How to complete this task
The line containing "this 2212×1659 image." and every line after it through the end of the records: return those exactly, and nothing more.

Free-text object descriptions
····················
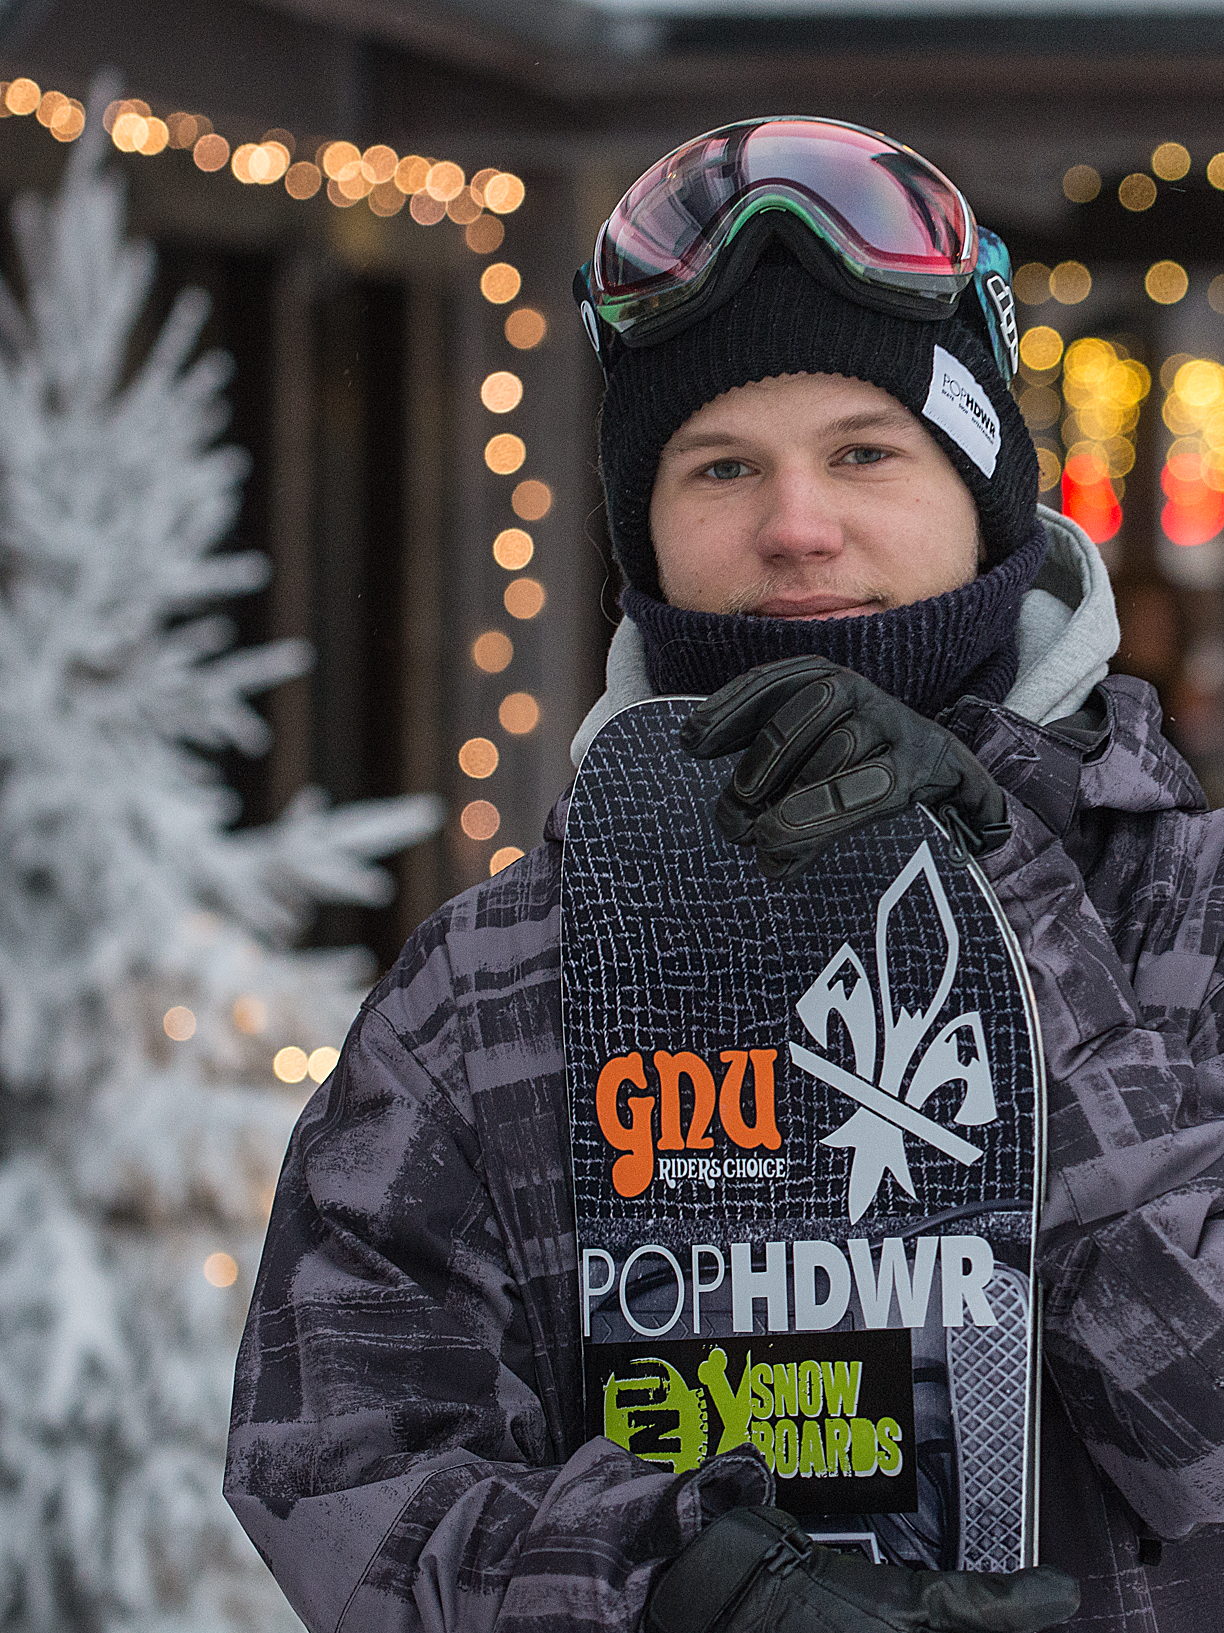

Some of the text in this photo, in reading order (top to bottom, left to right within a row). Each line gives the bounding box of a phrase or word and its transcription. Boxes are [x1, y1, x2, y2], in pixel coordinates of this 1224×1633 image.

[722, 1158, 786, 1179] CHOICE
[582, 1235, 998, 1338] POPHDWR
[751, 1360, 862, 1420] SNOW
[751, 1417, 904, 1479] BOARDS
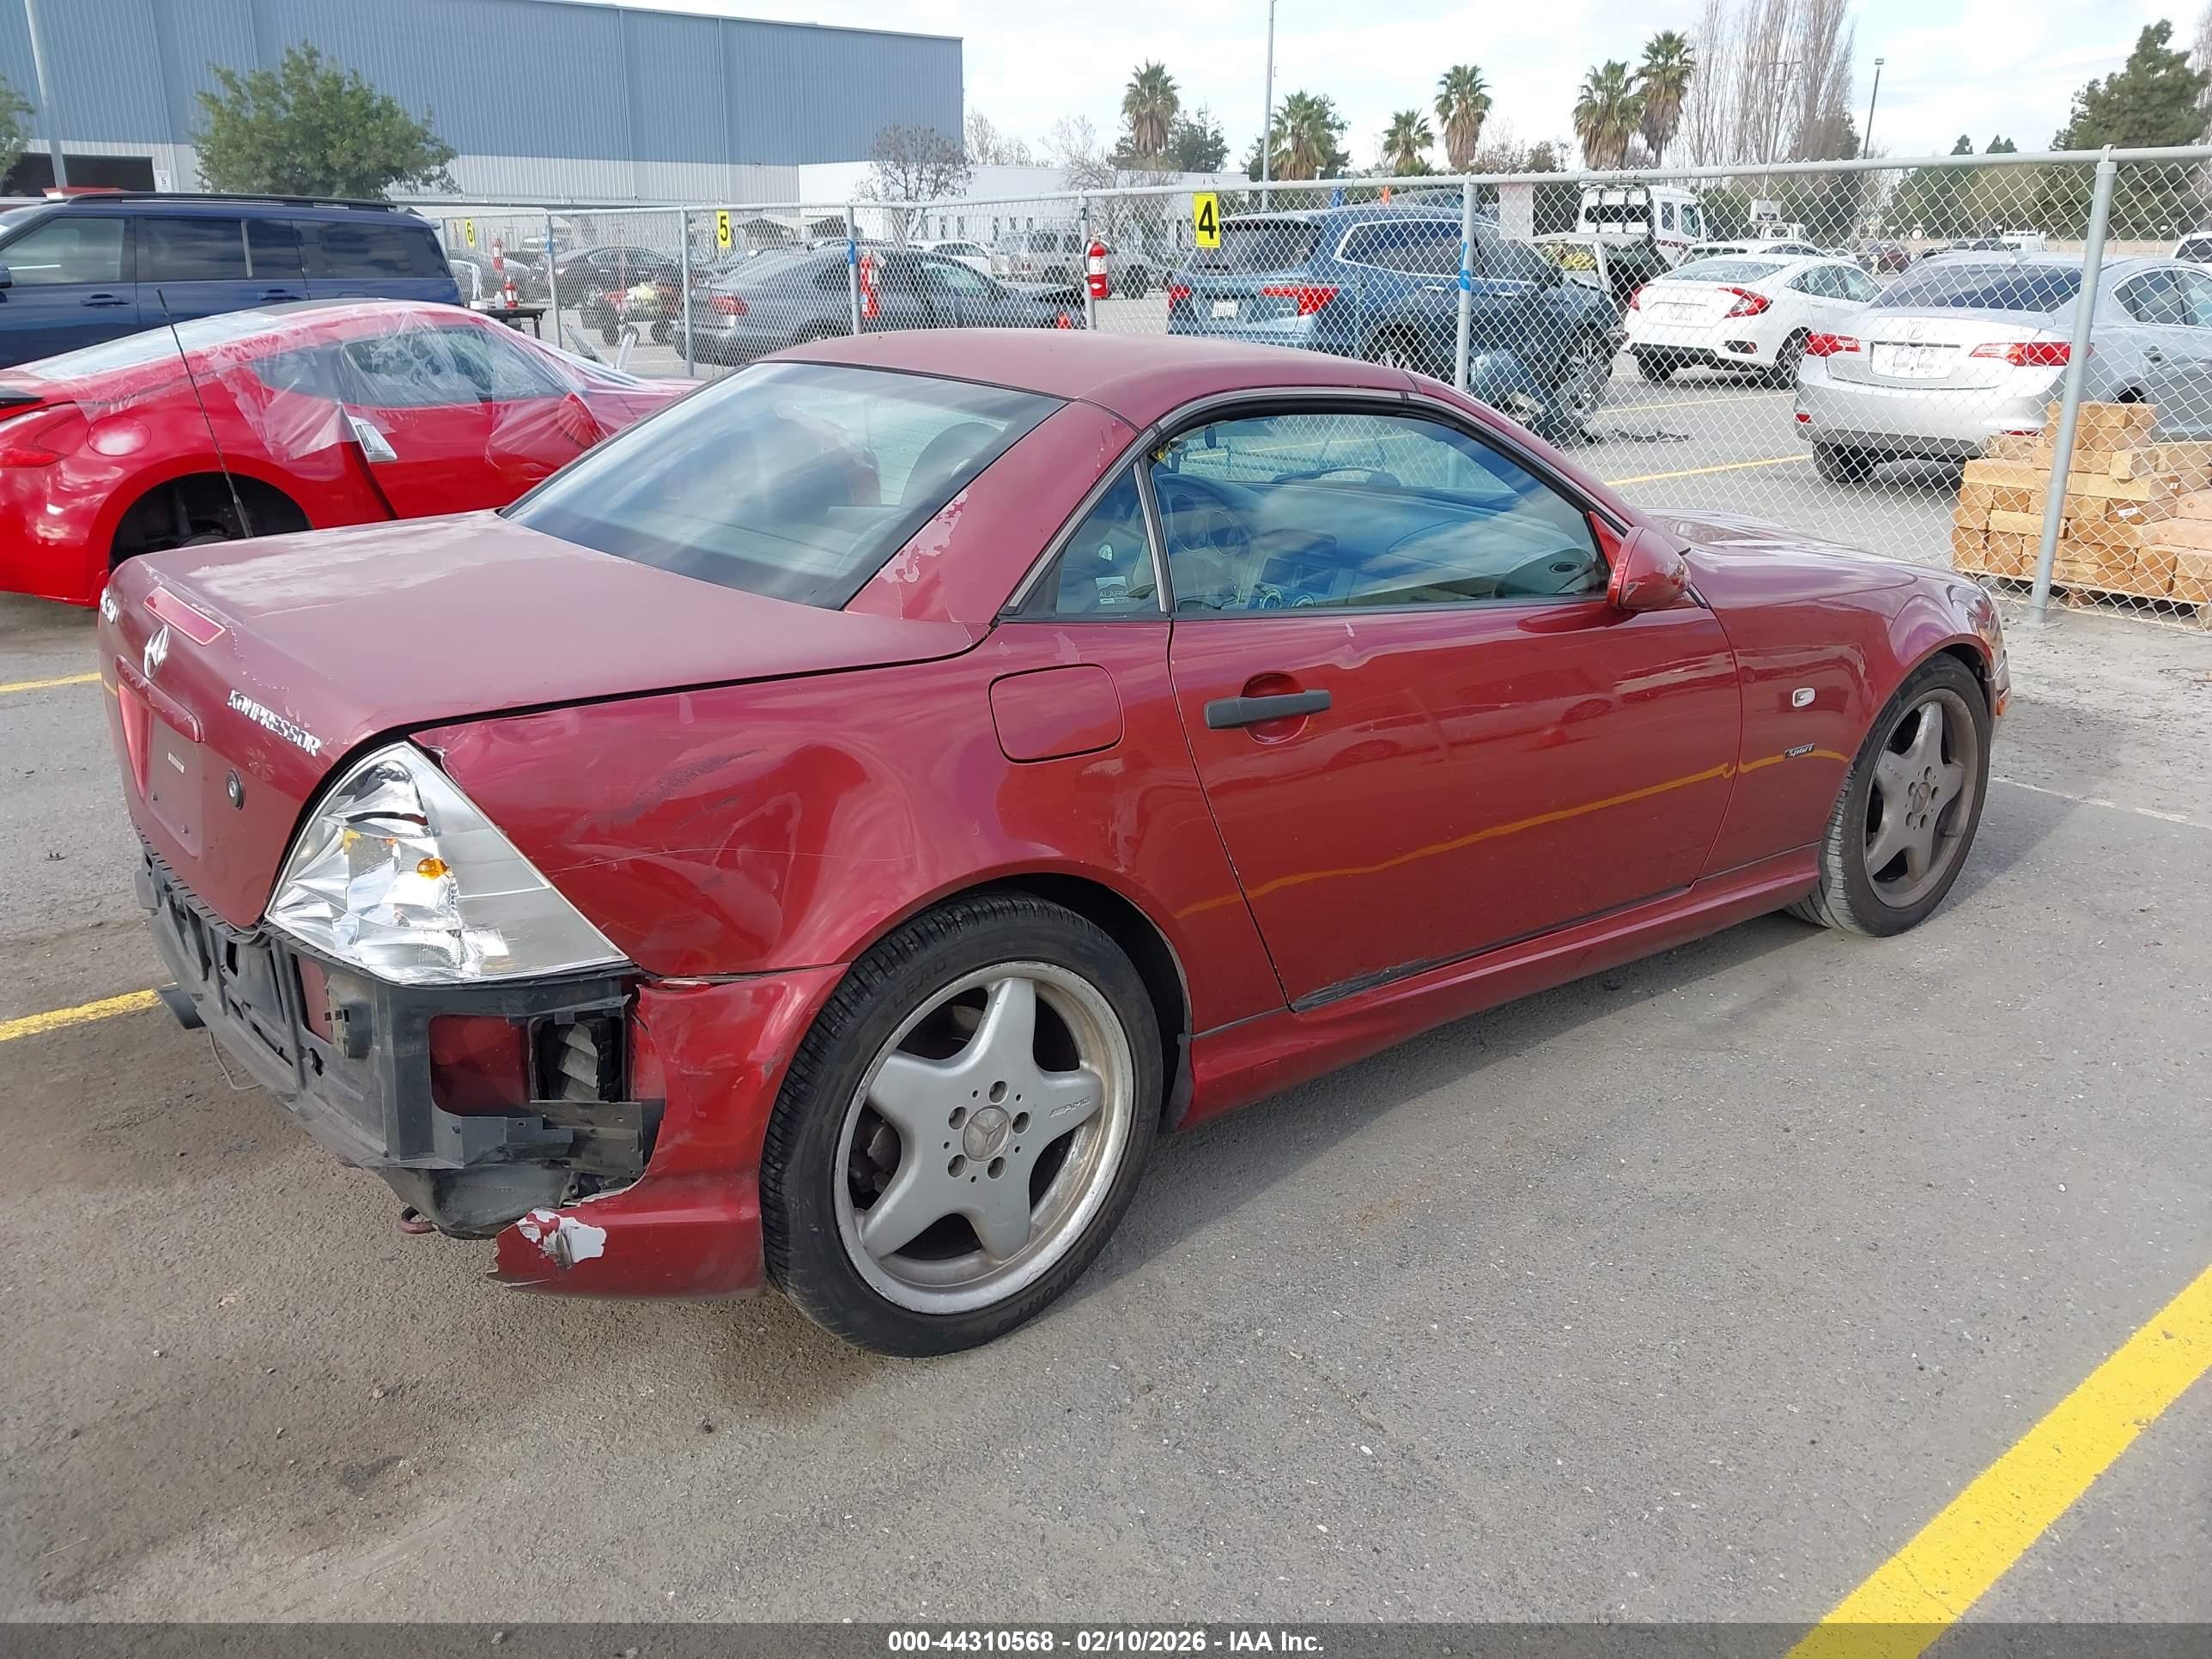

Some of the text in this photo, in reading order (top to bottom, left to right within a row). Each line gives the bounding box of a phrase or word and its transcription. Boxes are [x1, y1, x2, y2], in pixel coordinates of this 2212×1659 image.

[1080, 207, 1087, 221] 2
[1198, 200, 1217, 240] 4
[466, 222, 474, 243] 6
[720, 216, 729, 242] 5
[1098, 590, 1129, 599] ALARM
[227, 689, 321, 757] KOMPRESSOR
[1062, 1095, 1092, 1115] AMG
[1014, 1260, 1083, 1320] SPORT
····················
Task output
Some of the text in this photo, in reading order (top to bottom, left to right within a row). Each line gives the bounding box of a phrase or word and its transcription. Boxes are [x1, y1, x2, y2], in pixel coordinates of this 2212×1659 image.

[1080, 207, 1087, 221] 2
[1198, 200, 1217, 240] 4
[466, 222, 474, 243] 6
[720, 216, 729, 242] 5
[1098, 590, 1129, 599] ALARM
[227, 689, 321, 757] KOMPRESSOR
[1062, 1095, 1092, 1115] AMG
[1014, 1260, 1083, 1320] SPORT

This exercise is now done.